Como adulto, entiendo de alguna forma el dolor de los padres de esos jóvenes, porque se trata de vidas truncadas por criminales sin escrúpulos, pero que también son víctimas de entidades de gobierno incapaces de brindar las condiciones de seguridad y paz social.
A los grupos de jóvenes referidos tendríamos que agregar a los siete muchachos que fueron acribillados en Nuevo Laredo, pero en este caso por parte de miembros del Ejército Mexicano, quienes supuestamente los confundieron con delincuentes, allá por el mes de abril de este año.
En el caso reciente de Celaya solo queda reiterar la condena de ese crimen, enviar solidaridad espiritual a las familias y unirse a la exigencia de justicia, a más de condenar la revictimización que se ha hecho de los estudiantes.
En la manifestación que hubo por parte de familiares, amigos y la comunidad de la Universidad Latina de México, se exigió, a una sola voz, que no se les señalara de narcojuniors, porque todos y cada uno de ellos eran estudiantes de Medicina, con sueños de servir a sus semejantes.
No pasó tiempo cuando el Presidente de la República señaló la “hipótesis”, seguramente que le dieron jefes de la Guardia Nacional o el Ejército, destacamentados en Guanajuato, de que los habían matado porque fueron a comprar droga en un territorio contrario al de un grupo criminal.
Si era una menos que teoría o línea de investigación, mejor no referirla, porque además el Presidente no es una Fiscalía y menos un Juez para dictaminar sobre un hecho tan atroz y deplorable.
Para un “debido proceso”, no se puede hacer pública una posible mecánica de los hechos, porque todo puede ser usado en contra de la propia autoridad.
Todos esos casos de masacres a jóvenes se tendrían que sumar a los homicidios de niños, adolescentes y jóvenes que ocurren a diario en nuestro país, adicionalmente a las desapariciones forzadas.
La reflexión que nos puede dejar todo esto que ocurre es que menores de edad y jóvenes están entre dos fuegos, entre la espada y la pared, porque por un lado tenemos al crimen organizado acechando y por otro a las autoridades incapaces de brindar seguridad y protección.
No me canso de señalar que nuestros tres niveles de gobierno deberían, como obligación moral y ética, unir esfuerzos para combatir a la delincuencia común y a la delincuencia organizada.
Por principio, los artículos 16 y 73, fracción XXI, inciso b), de la Constitución Política de México señala que la delincuencia organizada es una materia cuya competencia es exclusiva de la Federación.
Contamos con una Ley Federal Contra la Delincuencia Organizada en la que se establecen los mecanismos concretos y las instancias federales que deberán de aplicar esta normatividad.
Sin embargo, también se indica la necesidad de coordinación y colaboración con los otros órdenes de gobierno, y me refiero a los estados y los municipios.
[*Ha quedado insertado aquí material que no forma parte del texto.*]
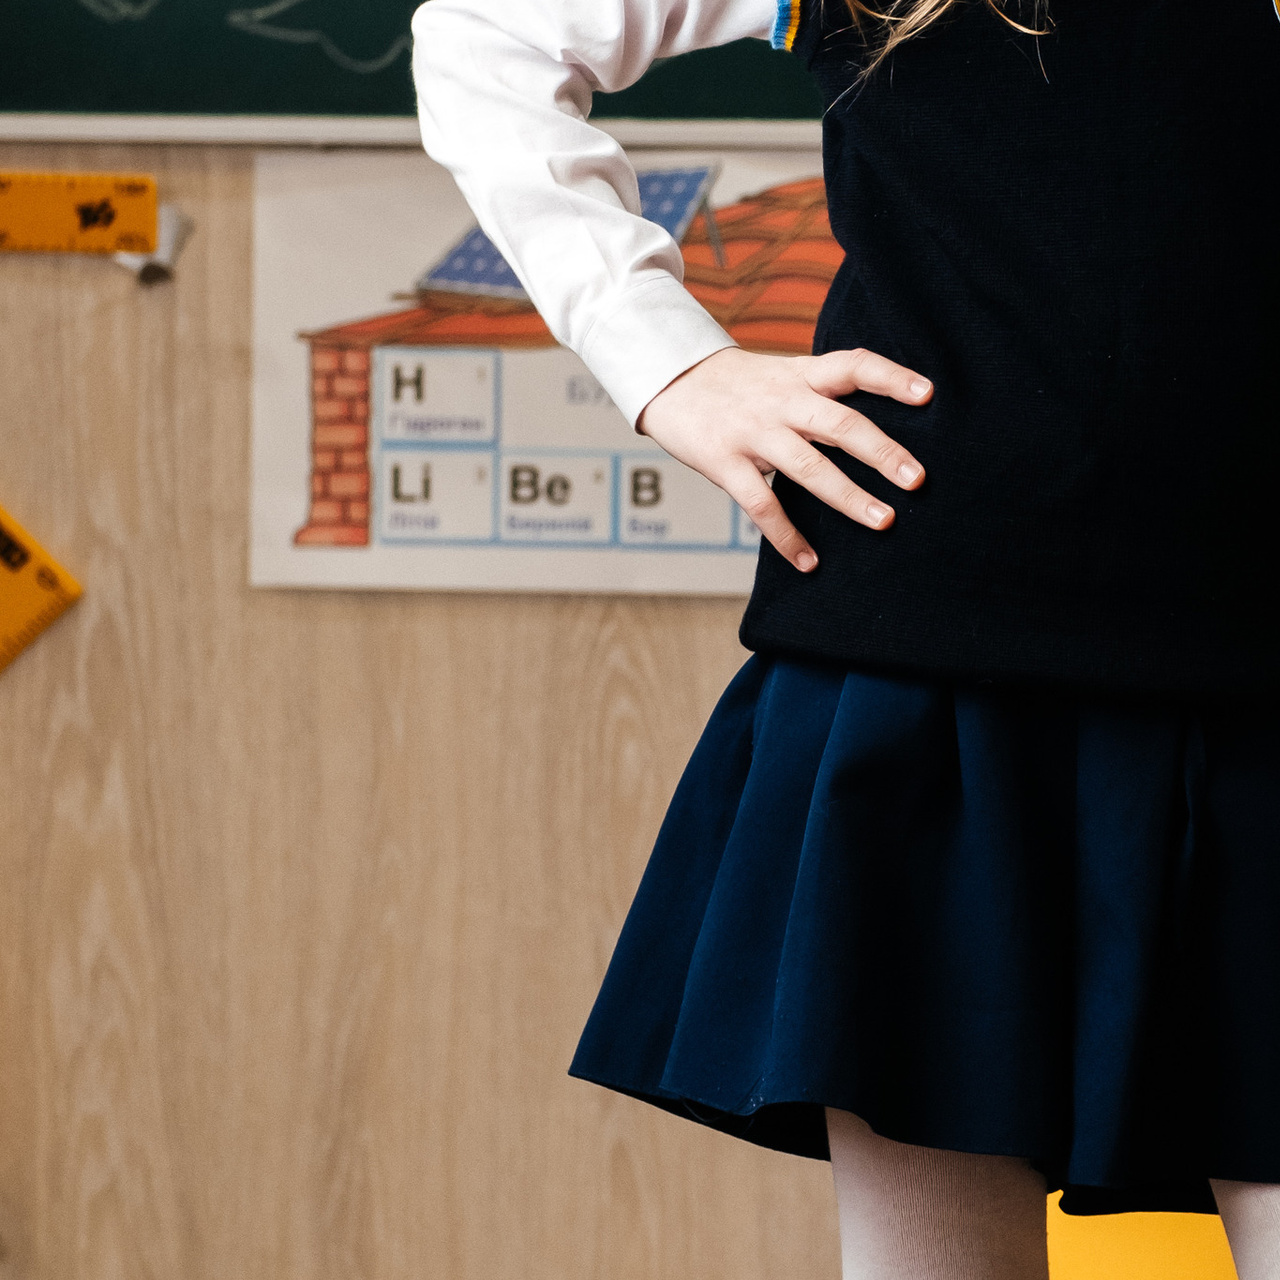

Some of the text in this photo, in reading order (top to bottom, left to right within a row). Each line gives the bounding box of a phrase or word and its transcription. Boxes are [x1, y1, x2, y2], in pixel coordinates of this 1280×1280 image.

Agrego a la sociedad como corresponsable en muchos sentidos.
No se la deben de pasar inculpando a las otras instancias en lugar de proponer las acciones de colaboración directa; el único interés no debe ser el político o diferencia ideológica.
La sociedad, el pueblo, la ciudadanía, como se le quiera llamar, debe ser la razón de ser, estar y actuar de los gobiernos que fueron electos para procurar y para garantizar, entre mil cosas más, primeramente la seguridad y la paz social, como punto de partida para acceder a otros derechos.